O câncer e o terreno

Alguns Autores afirmam que uma pessoa em cada quatro irá sofrer de câncer. Outros vão além e estimam que esse número é maior: uma para três pessoas. E um em cada quatro pacientes irá morrer da doença.

Por qual razão essa moléstia vem aumentando numa progressão geométrica, principalmente após a segunda guerra mundial?

Se nos países asiáticos a incidência de câncer – de mama, do cólon, de próstata… – é de sete a setenta vezes menor, deve haver algo de errado em nossa maneira de viver, em nossos hábitos alimentares, em nosso ambiente, em nossas relações com a natureza e com as pessoas, que contribuem favoravelmente para o agravamento dessa epidemia.

Várias pesquisas e estudos confirmam esse fato:

Quando um japonês muda-se para os Estados Unidos, por exemplo, a probabilidade do surgimento de alguma espécie de câncer alcança a nossa em apenas uma ou duas gerações.

Em relação ao tratamento, nossa medicina oficial ainda utiliza os mesmos recursos há décadas, ou mesmo séculos: cirurgia, radioterapia, quimioterapia, e mais recentemente, a imunoterapia. Está em vias de surgir em breve a terapia genética, mas esta, antes mesmo de sua aplicação, já é questionada quanto à sua eficácia.

“Se o câncer se transmitisse sobretudo geneticamente, as crianças adotadas teriam a taxa de câncer de seus pais biológicos e não a de seus pais adotivos. Na Dinamarca, onde existe um registro genético detalhado que traça as origens de cada indivíduo, os pesquisadores encontraram os pais biológicos de mais de mil crianças adotadas ao nascer. Sua conclusão, publicada na maior revista de referência em medicina, o New England Journal of Medicine, nos obriga a modificar todas as nossas perspectivas sobre o câncer: herdar genes de pais biológicos mortos de câncer antes dos 50 anos não tem nenhuma influência sobre o risco de a própria pessoa desenvolver um câncer. Por outro lado, a morte por câncer de um pai adotivo (que não transmite nenhum gene, mas transfere seus hábitos de vida) multiplica por cinco o risco de a pessoa morrer de câncer também. Esse estudo mostra que são exatamente os hábitos de vida – * o terreno -, e não os genes, os principais implicados na suscetibilidade ao câncer. Todas as pesquisas sobre o câncer concordam: os genes contribuem no máximo com 15% para a mortabilidade do câncer. (Servan-Schreiber)

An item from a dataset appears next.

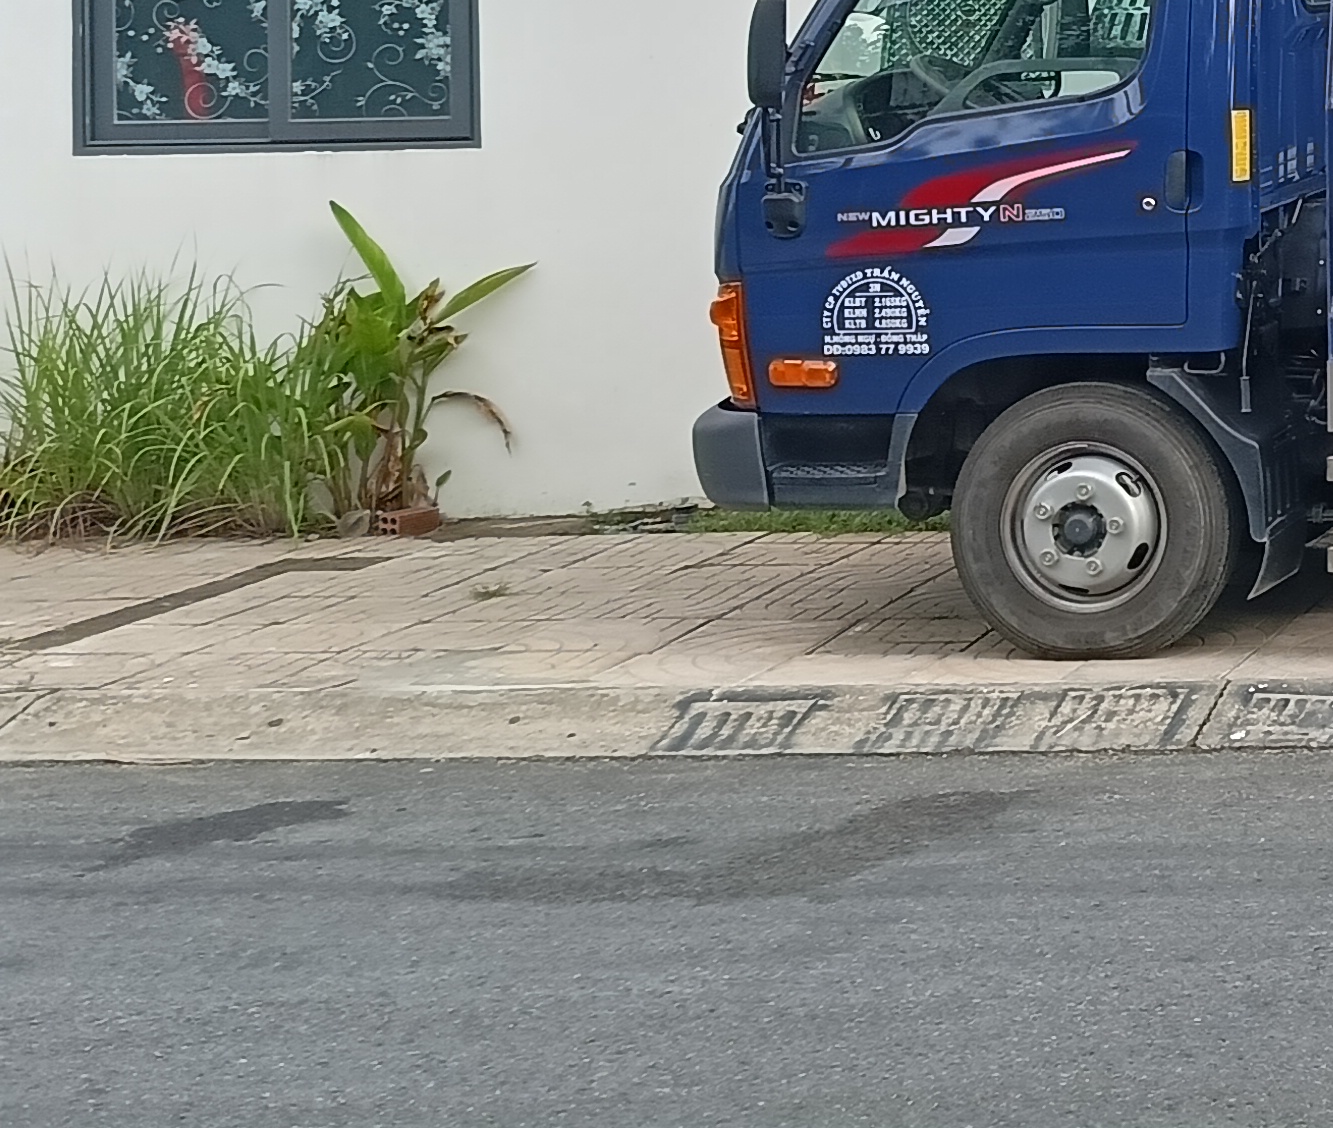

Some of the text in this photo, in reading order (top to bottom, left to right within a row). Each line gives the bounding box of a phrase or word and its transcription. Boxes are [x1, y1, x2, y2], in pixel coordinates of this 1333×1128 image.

[837, 212, 870, 222] NEW
[871, 205, 997, 227] MIGHTY
[879, 344, 895, 355] 77
[898, 343, 930, 354] 9939

Acrescenta, ainda, Schreiber:

Outro estudo, do Instituto Karolinska na Suécia – o órgão encarregado de fazer a lista de candidatos ao prêmio Nobel -, mostra que gêmeos geneticamente idênticos geralmente não compartilham o risco de contrair câncer. Os pesquisadores concluem – sempre no New England Journal – que os fatores genéticos herdados têm uma contribuição pouco importante na suscetibilidade à maior parte dos neoplasmas (neoplasma = câncer). Este resultado indica que o meio-ambiente – *o terreno – desempenha o principal papel entre as causas dos cânceres comuns”.

Toda a imensa verba destinada à pesquisa da cura do câncer, ainda é direcionada, e restringida para melhores, mais eficazes e menos danosas quimioterapias e radioterapias. Por que parte desse investimento não se destina a novos modelos mais promissores e menos invasivos?

Existem outras formas de terapêutica destinadas ao câncer. Infelizmente a nossa medicina oficial teima em chamá-las de alternativas. Sob o manto desse termo pejorativo estão a fitoterapia, a homeopatia, a psicoterapia, dentre outras.

Por qual razão essa medicina que se diz a única verdadeiramente científica, essa religião não dogmática e nada preconceituosa; não se dispõe a verificar seriamente a eficácia, ou não, desses métodos “alternativos”, antes de rotulá-los como crendice?

A homeopatia tem suas medicações específicas para o câncer, a fitoterapia também tem as suas, assim como a psicoterapia de base psicossomática, aliada a técnicas como a EMDR (dessensibilização e reprocessamento pelo movimento dos olhos) que alivia o estresse pós-traumático ( além de fobias e síndrome do pânico ); tendo em vista que, não raro, as doenças mais graves se manifestem alguns meses após um forte abalo emocional.

Se, como vimos, um somatório de fatores causa o câncer, o tratamento deveria ser múltiplo, combatendo cada um desses elementos.